NeXTSTEP had a graphical user interface with a capital ‘G’. Its interface was lush and vibrant. It looked best on true color video hardware with a 32-bit framebuffer which used 24-bit color (16.8 million) + 8-bits transparency info, but back then the required video hardware was extremely expensive. NeXTSTEP also supported more affordable 16-bit framebuffers, using 12-bit color (4096 colors) + 4-bit transparency. In this mode, NeXTSTEP still looked amazing, but dithering had to be employed and was noticeable. The Gecko features a technology known as Color Recovery that employs an extremely unusual 8-bit framebuffer to achieve true color video output, with the help of a DSP, akin to what would be expected with a 32-bit framebuffer. The following is a clip from an HP Journal article by Anthony C. Barkans, publushed in 1995, that describes how Color Recovery works:
The simplest explanation of HP Color Recovery is that it performs the task your eye is asked to do with an ordinary dithered system. In essence, an HP Color Recovery system takes 24-bit true color data generated by an application and dithers it down to eight bits for storage in the frame buffer. Then as the frame buffer data is scanned from the frame buffer to the display, it passes through specialized digital signal processing (DSP) hardware where the work of producing millions of colors is performed. The output of the DSP hardware is sent to the display where millions of colors can be viewed. It is important to recognize that since the data stored in the HP Color Recovery frame buffer is dithered, thousands of applications can work with it.
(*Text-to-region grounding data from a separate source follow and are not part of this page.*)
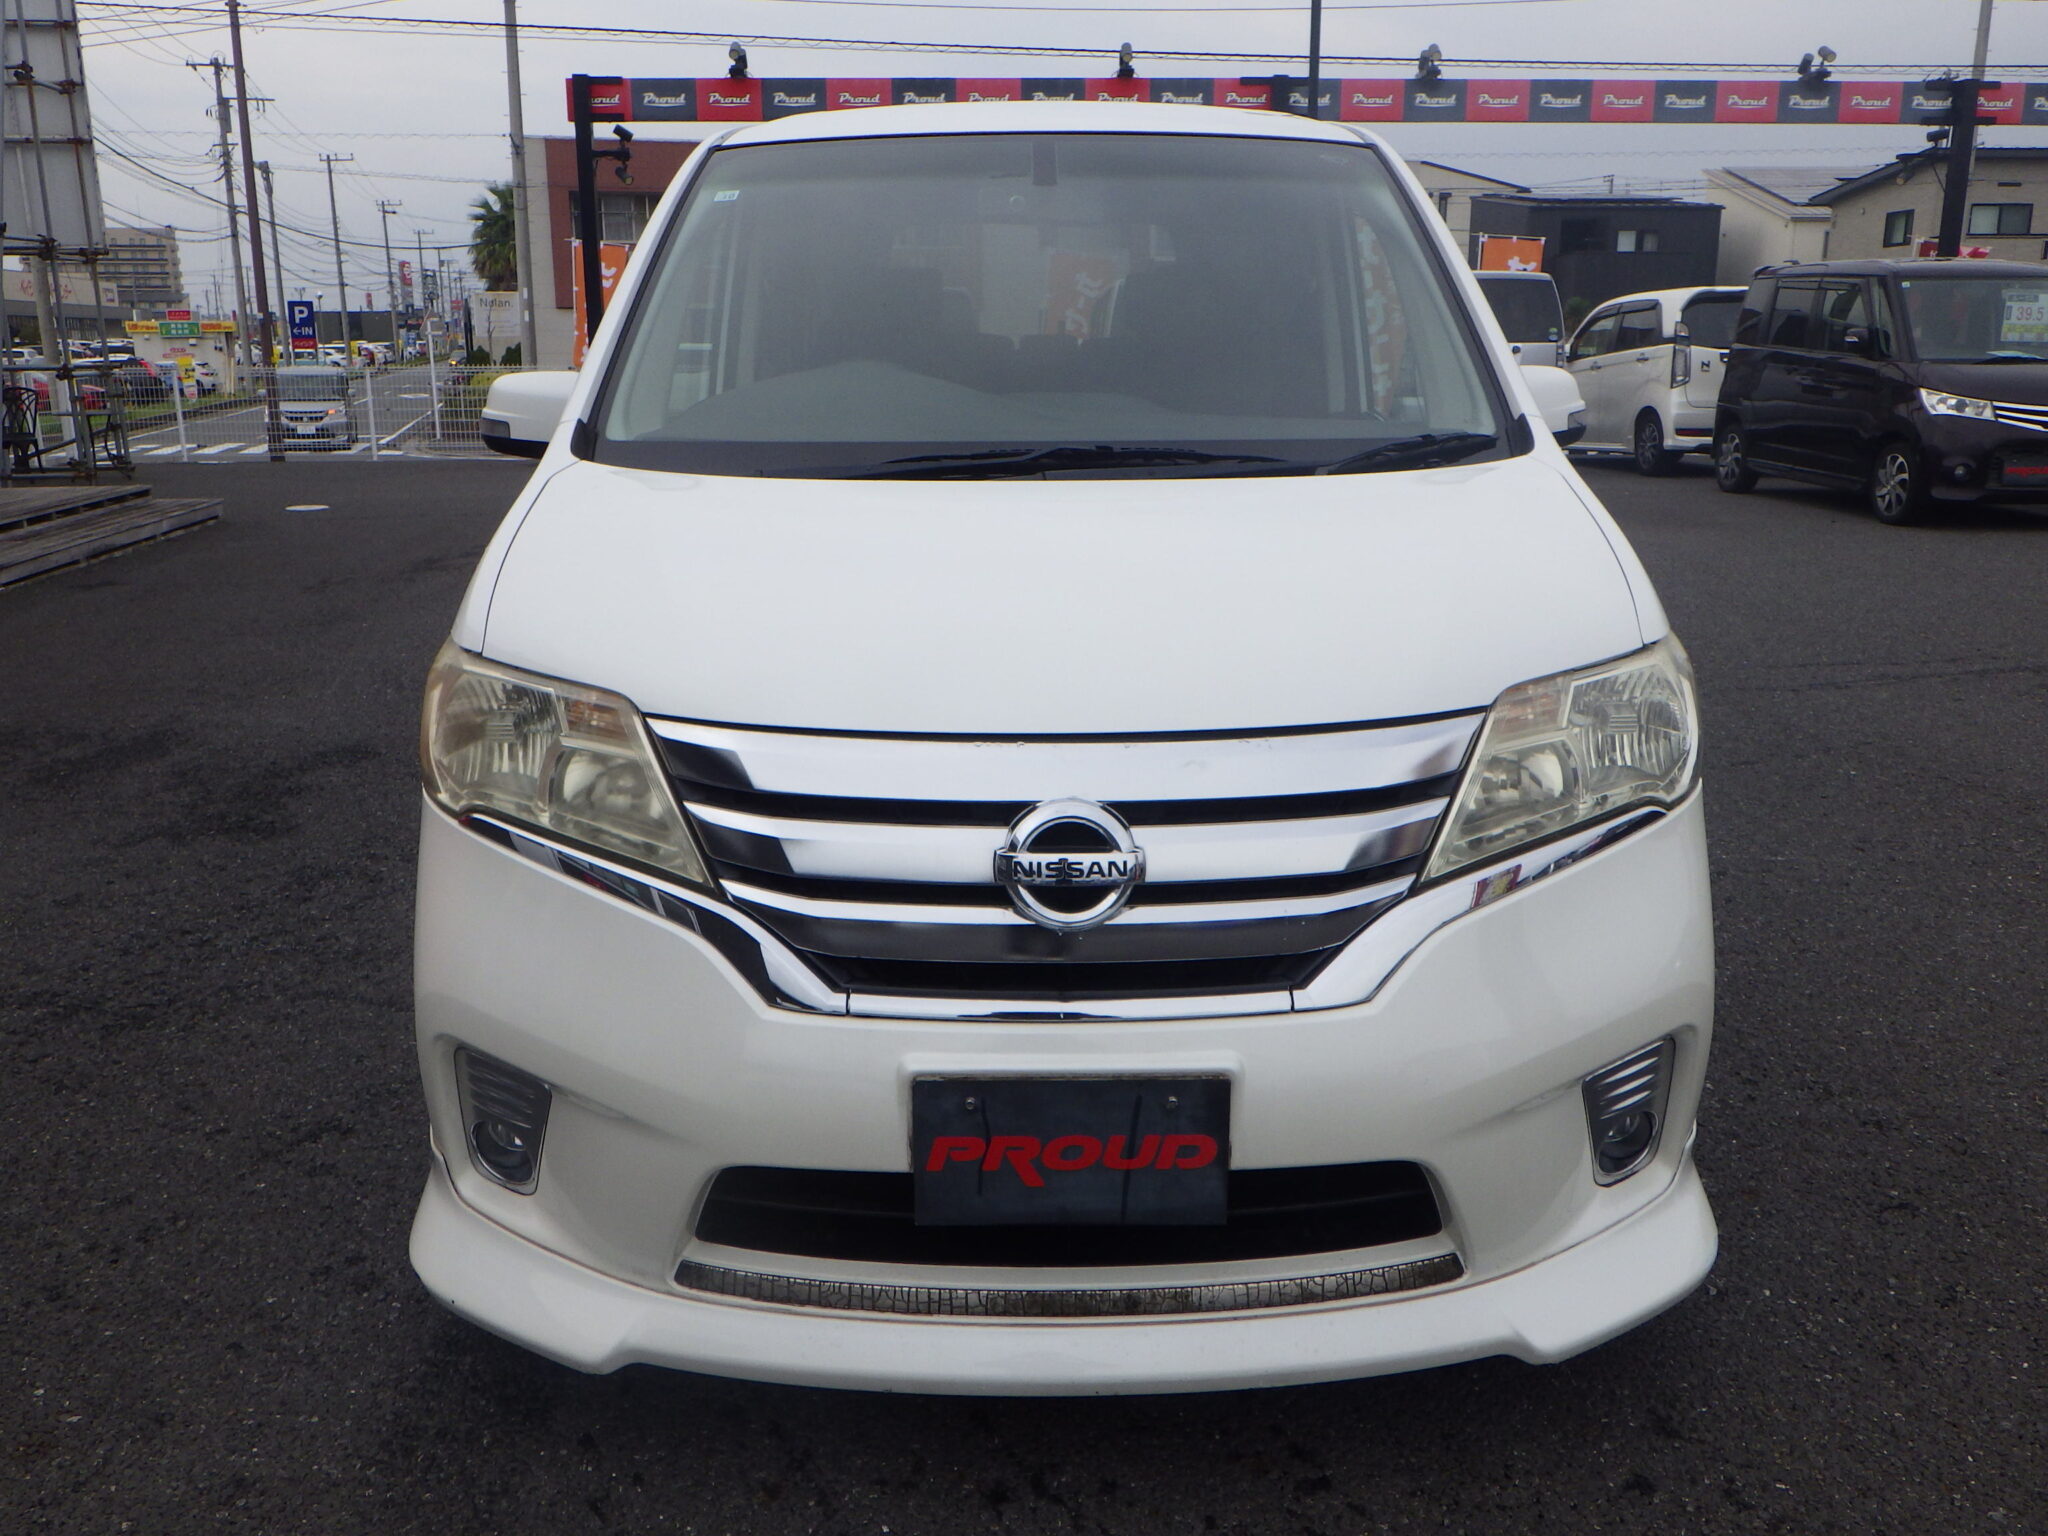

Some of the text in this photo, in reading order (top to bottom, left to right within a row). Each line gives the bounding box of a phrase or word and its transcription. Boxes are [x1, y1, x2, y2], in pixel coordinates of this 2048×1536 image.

[643, 92, 686, 107] Proud
[708, 92, 750, 107] Proud
[773, 92, 816, 107] Proud
[839, 92, 880, 106] Proud
[903, 92, 946, 104] Proud
[968, 92, 1010, 102] Proud
[1160, 92, 1203, 104] Proud
[1225, 92, 1267, 107] Proud
[1352, 93, 1393, 107] Proud
[1415, 93, 1456, 107] Proud
[1478, 93, 1519, 108] Proud
[1540, 93, 1582, 108] Proud
[1603, 94, 1644, 108] Proud
[1664, 94, 1706, 108] Proud
[1728, 95, 1768, 109] Proud
[1788, 95, 1830, 109] Proud
[1851, 95, 1892, 109] Proud
[1912, 95, 1952, 110] Proud
[294, 306, 309, 323] P
[302, 327, 313, 335] IN
[1013, 860, 1128, 879] NISSAN
[925, 1134, 1218, 1188] PROUD
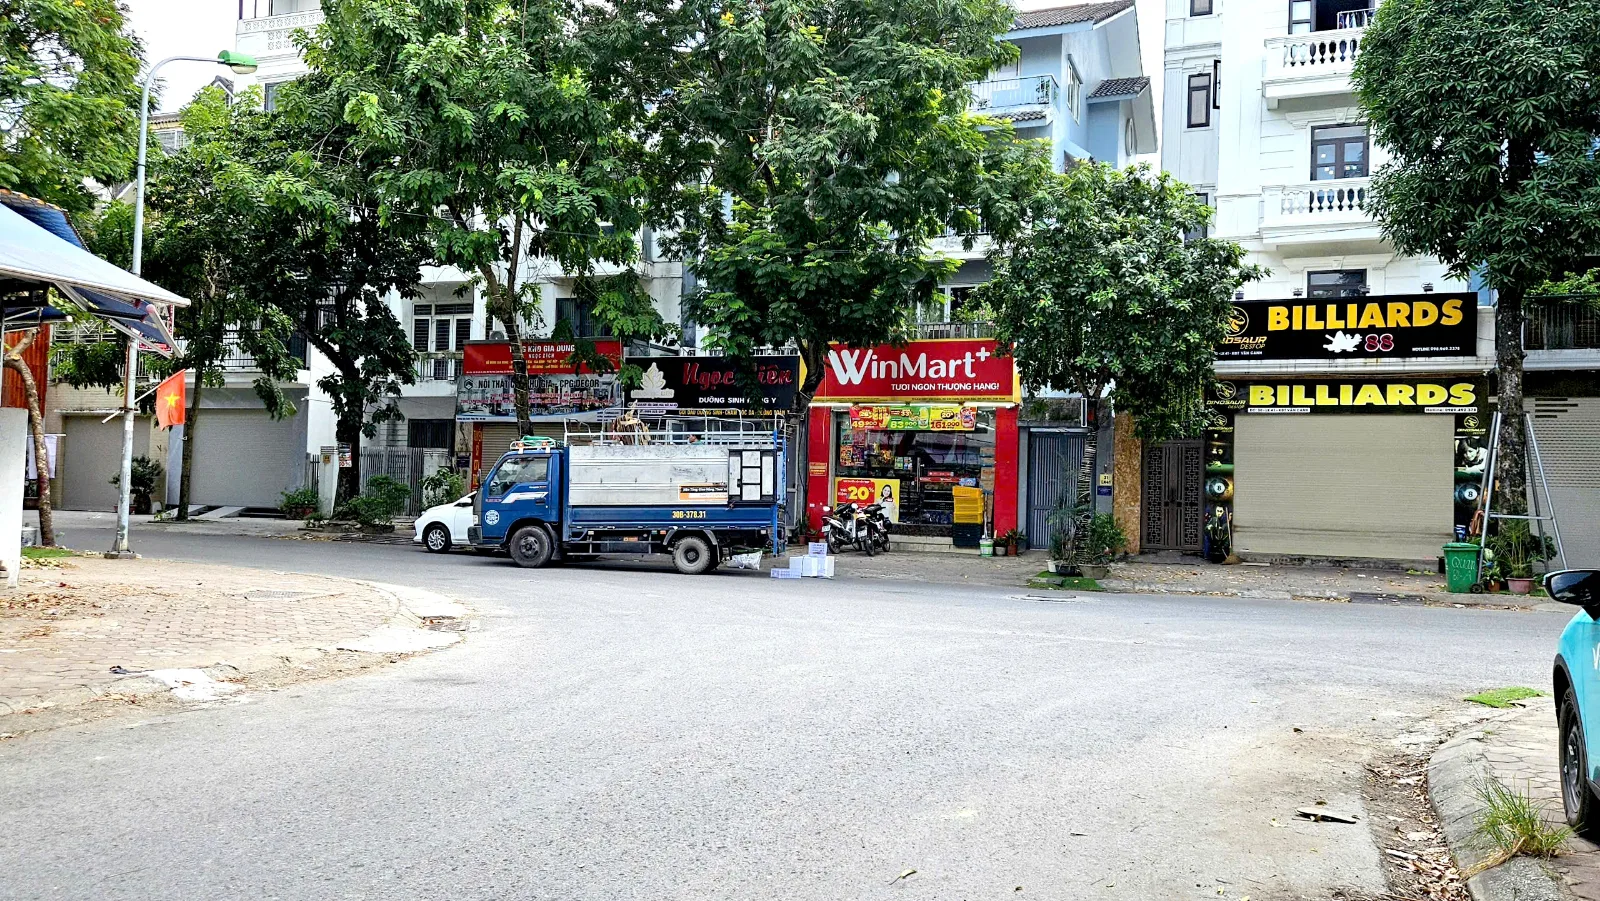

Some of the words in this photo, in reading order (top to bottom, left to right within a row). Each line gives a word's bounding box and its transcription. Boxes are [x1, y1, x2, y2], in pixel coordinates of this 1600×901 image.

It is also important to recognize that these applications will run at full performance in an interactive windowed environment. In other words, applications do not need to be changed to take advantage of HP Color Recovery.
When I read NeXTWORLD’s brief rundown of Color Recovery, I could not understand how such a system could effectively generate a true color display—I could not picture what the output would look like. It wasn’t until here, 10 years later, when I finished setting installing NeXTSTEP on this Gecko, that I saw it with my own eyes. And I must say…the result is amazing. The best way I can describe it is to say that the display looks like a screenshot of a true color desktop, saved as a JPEG with medium/high compression. The tradeoff of this 8-bit true color is mild artifacting, but despite this, the display is without question preferable to the dithered, 4096-color desktop generated by standard NeXT boxes and other 16-bit framebuffer platforms. A most unique workstation, indeed.